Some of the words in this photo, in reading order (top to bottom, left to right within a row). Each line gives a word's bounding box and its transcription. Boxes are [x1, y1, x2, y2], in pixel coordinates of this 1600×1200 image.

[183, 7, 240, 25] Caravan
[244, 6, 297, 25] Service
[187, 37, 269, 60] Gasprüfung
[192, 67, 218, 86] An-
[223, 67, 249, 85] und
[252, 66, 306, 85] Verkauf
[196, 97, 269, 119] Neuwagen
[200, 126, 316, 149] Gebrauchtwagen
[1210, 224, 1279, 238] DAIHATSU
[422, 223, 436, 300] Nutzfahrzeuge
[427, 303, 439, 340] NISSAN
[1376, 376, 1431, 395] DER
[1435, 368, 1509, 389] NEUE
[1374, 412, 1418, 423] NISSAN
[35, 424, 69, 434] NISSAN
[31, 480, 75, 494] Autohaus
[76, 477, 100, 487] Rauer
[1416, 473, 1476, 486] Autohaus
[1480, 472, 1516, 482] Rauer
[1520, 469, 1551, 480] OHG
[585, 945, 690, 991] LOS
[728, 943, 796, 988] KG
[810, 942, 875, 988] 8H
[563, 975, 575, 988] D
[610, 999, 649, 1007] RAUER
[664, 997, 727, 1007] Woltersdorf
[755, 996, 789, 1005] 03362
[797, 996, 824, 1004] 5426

> **Problem requirements**
Reproduce the whole listing above, word for word.

> **Your response**
Some of the words in this photo, in reading order (top to bottom, left to right within a row). Each line gives a word's bounding box and its transcription. Boxes are [x1, y1, x2, y2], in pixel coordinates of this 1600×1200 image.

[183, 7, 240, 25] Caravan
[244, 6, 297, 25] Service
[187, 37, 269, 60] Gasprüfung
[192, 67, 218, 86] An-
[223, 67, 249, 85] und
[252, 66, 306, 85] Verkauf
[196, 97, 269, 119] Neuwagen
[200, 126, 316, 149] Gebrauchtwagen
[1210, 224, 1279, 238] DAIHATSU
[422, 223, 436, 300] Nutzfahrzeuge
[427, 303, 439, 340] NISSAN
[1376, 376, 1431, 395] DER
[1435, 368, 1509, 389] NEUE
[1374, 412, 1418, 423] NISSAN
[35, 424, 69, 434] NISSAN
[31, 480, 75, 494] Autohaus
[76, 477, 100, 487] Rauer
[1416, 473, 1476, 486] Autohaus
[1480, 472, 1516, 482] Rauer
[1520, 469, 1551, 480] OHG
[585, 945, 690, 991] LOS
[728, 943, 796, 988] KG
[810, 942, 875, 988] 8H
[563, 975, 575, 988] D
[610, 999, 649, 1007] RAUER
[664, 997, 727, 1007] Woltersdorf
[755, 996, 789, 1005] 03362
[797, 996, 824, 1004] 5426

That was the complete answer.